== AIM OF THE EXERCISE ==
Retype the records below exactly as they appear, but leave out any pictures.

Start of Block

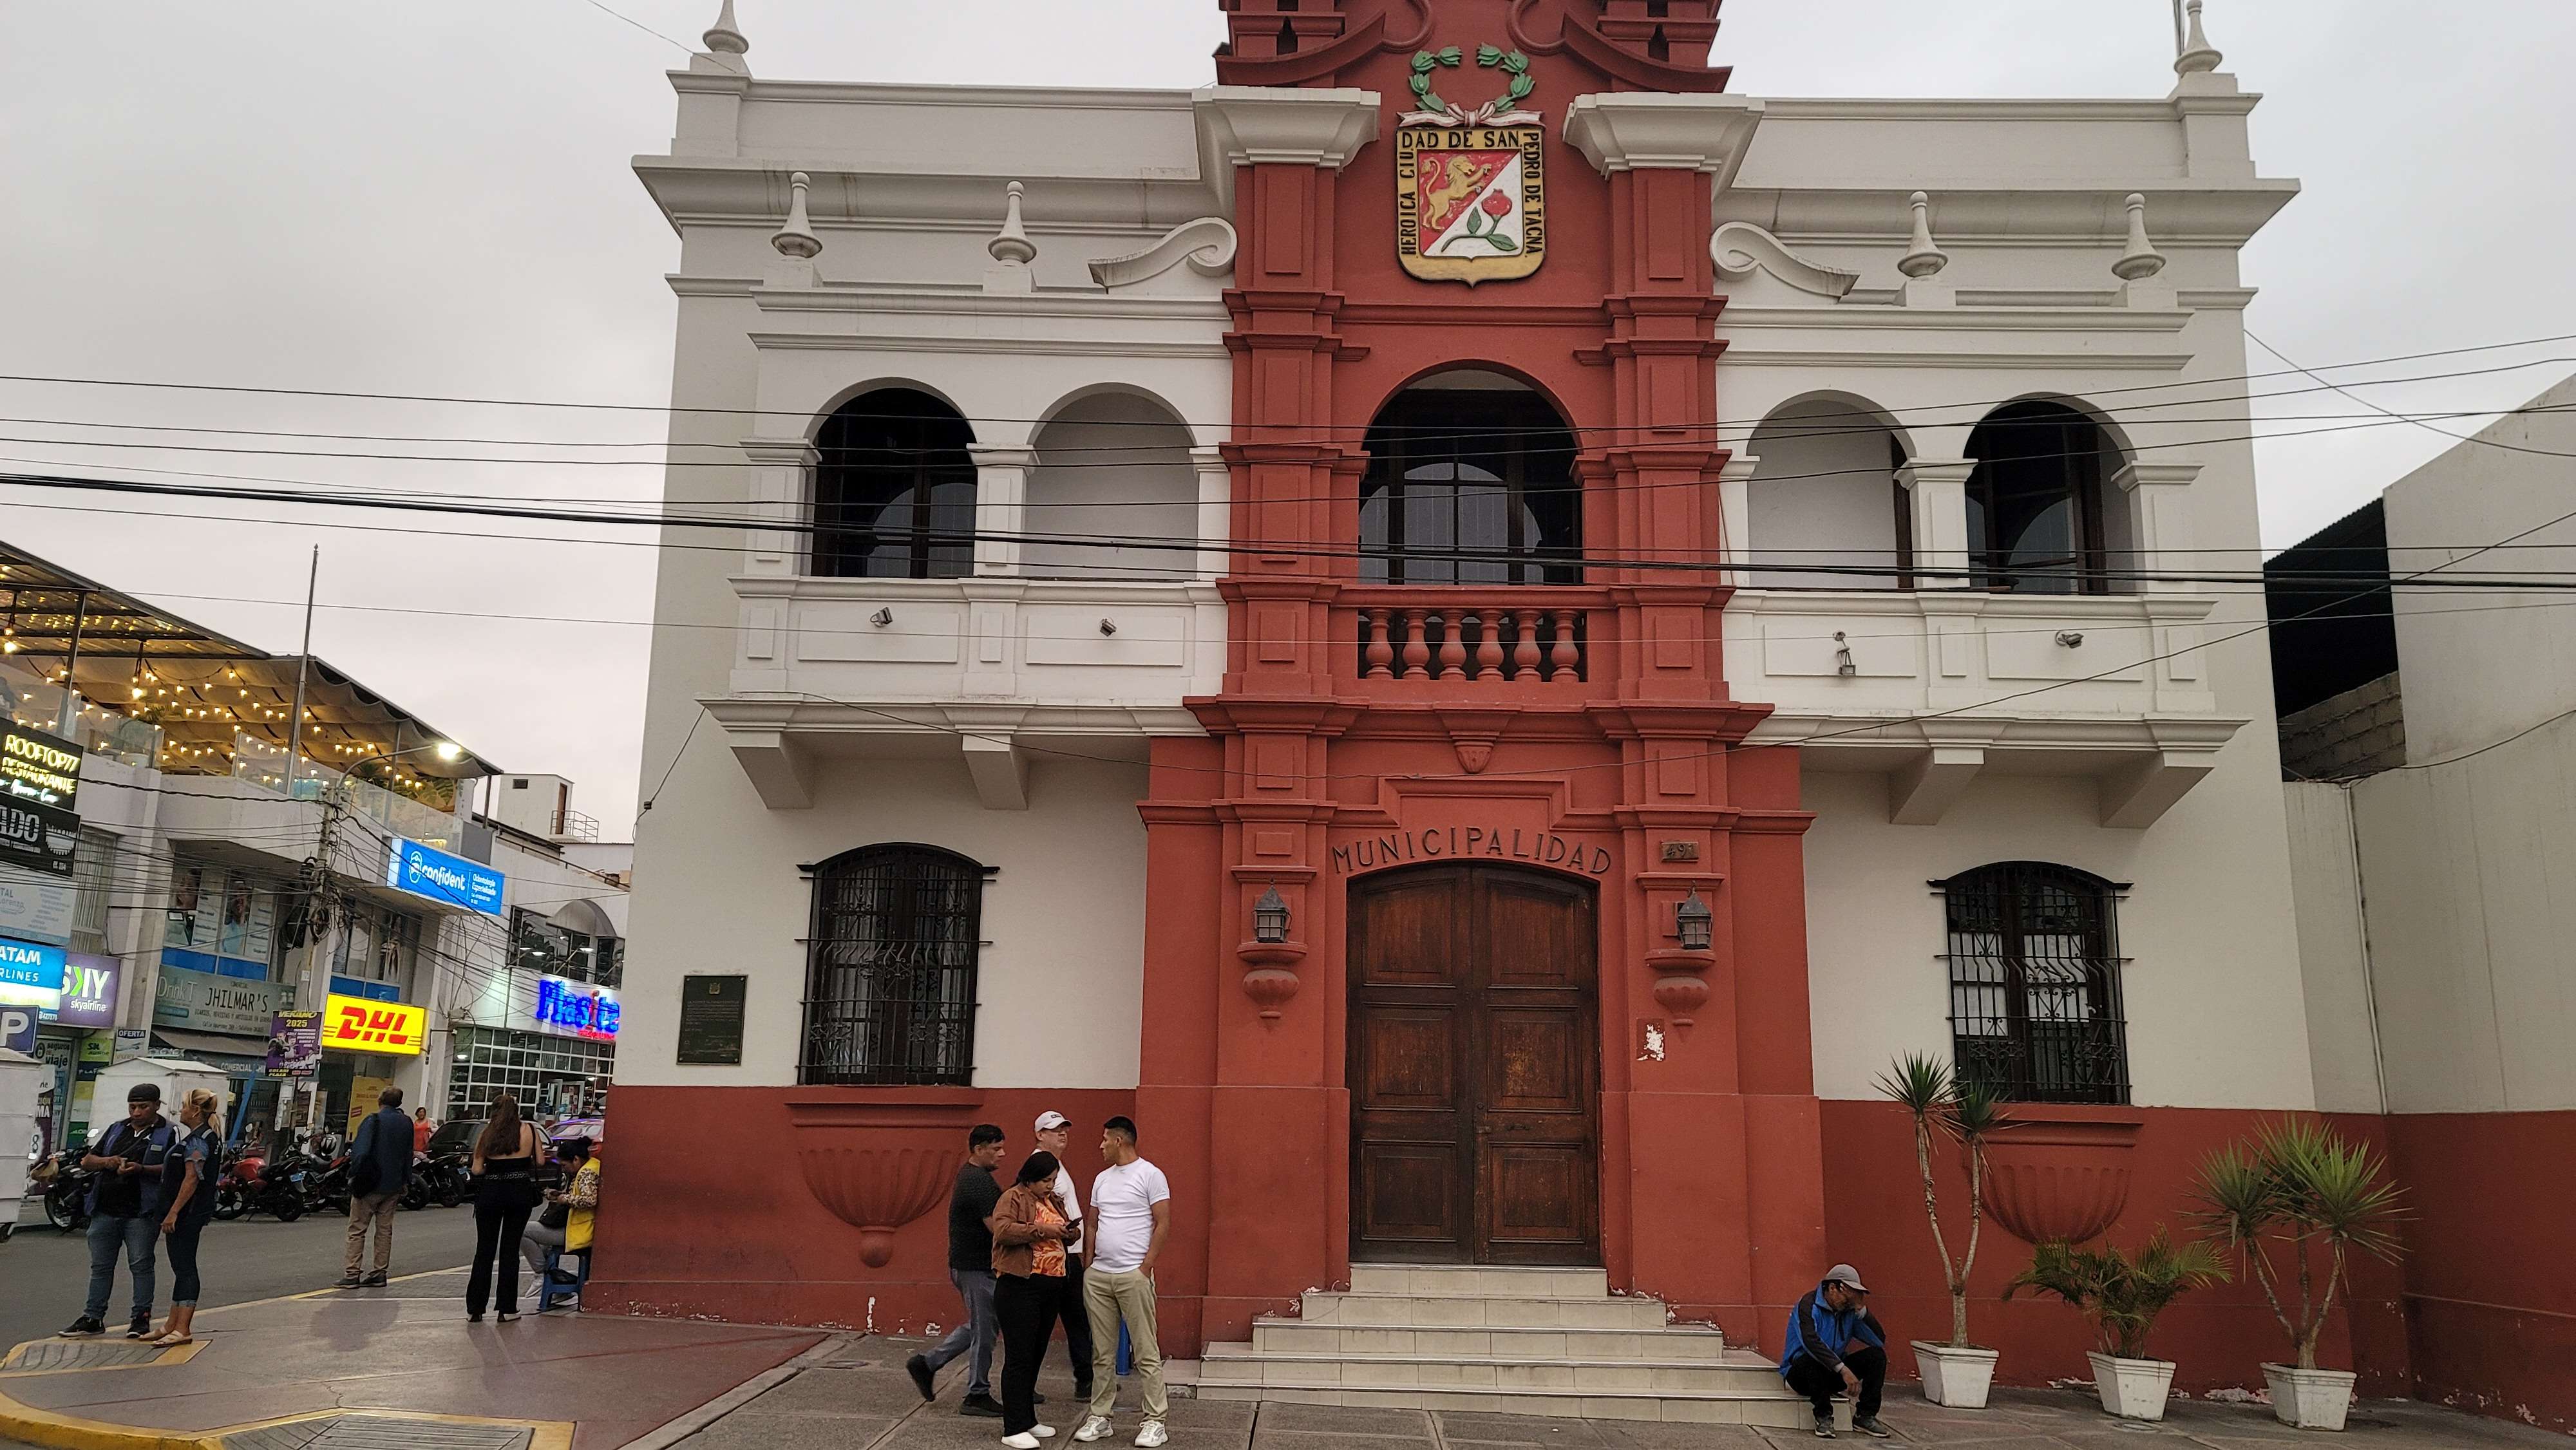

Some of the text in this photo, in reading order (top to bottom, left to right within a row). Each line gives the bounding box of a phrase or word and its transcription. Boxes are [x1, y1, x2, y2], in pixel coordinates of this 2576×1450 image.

[1523, 132, 1540, 179] PEDRO
[1400, 191, 1417, 255] HEROICA
[1448, 131, 1473, 147] DE
[1524, 185, 1541, 203] DE
[1332, 826, 1611, 874] MUNICIPALIDAD
[421, 865, 466, 891] confident
[70, 999, 107, 1012] skyairline
[205, 987, 268, 1013] JHILMAR'S
[1, 1012, 29, 1047] P
[285, 1019, 308, 1028] 2025
[336, 1006, 409, 1045] DHL
[46, 1042, 70, 1051] seguros
[46, 1055, 68, 1068] viaje
[221, 1062, 252, 1072] COMERCIAL
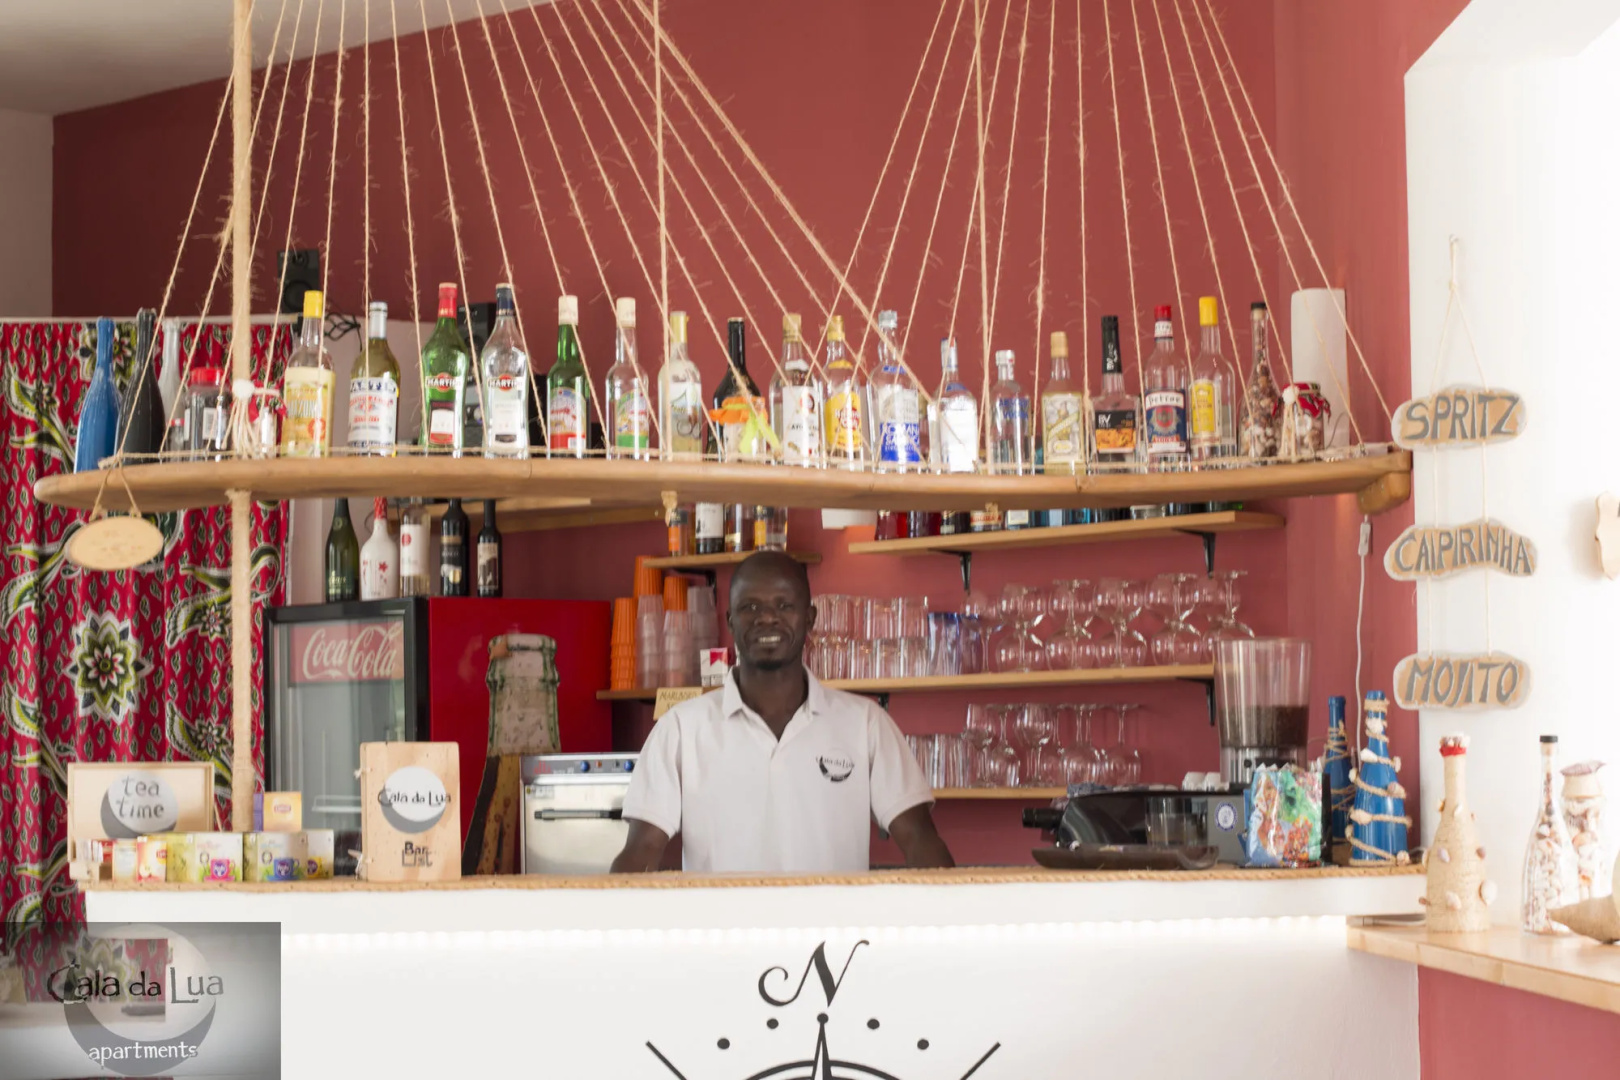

End of Block

== ANSWER FOR THE TASK ==
Some of the text in this photo, in reading order (top to bottom, left to right within a row). Each line gives the bounding box of a phrase or word and its transcription. Boxes are [x1, y1, x2, y2], in pixel coordinates of this 2576×1450 image.

[1523, 132, 1540, 179] PEDRO
[1400, 191, 1417, 255] HEROICA
[1448, 131, 1473, 147] DE
[1524, 185, 1541, 203] DE
[1332, 826, 1611, 874] MUNICIPALIDAD
[421, 865, 466, 891] confident
[70, 999, 107, 1012] skyairline
[205, 987, 268, 1013] JHILMAR'S
[1, 1012, 29, 1047] P
[285, 1019, 308, 1028] 2025
[336, 1006, 409, 1045] DHL
[46, 1042, 70, 1051] seguros
[46, 1055, 68, 1068] viaje
[221, 1062, 252, 1072] COMERCIAL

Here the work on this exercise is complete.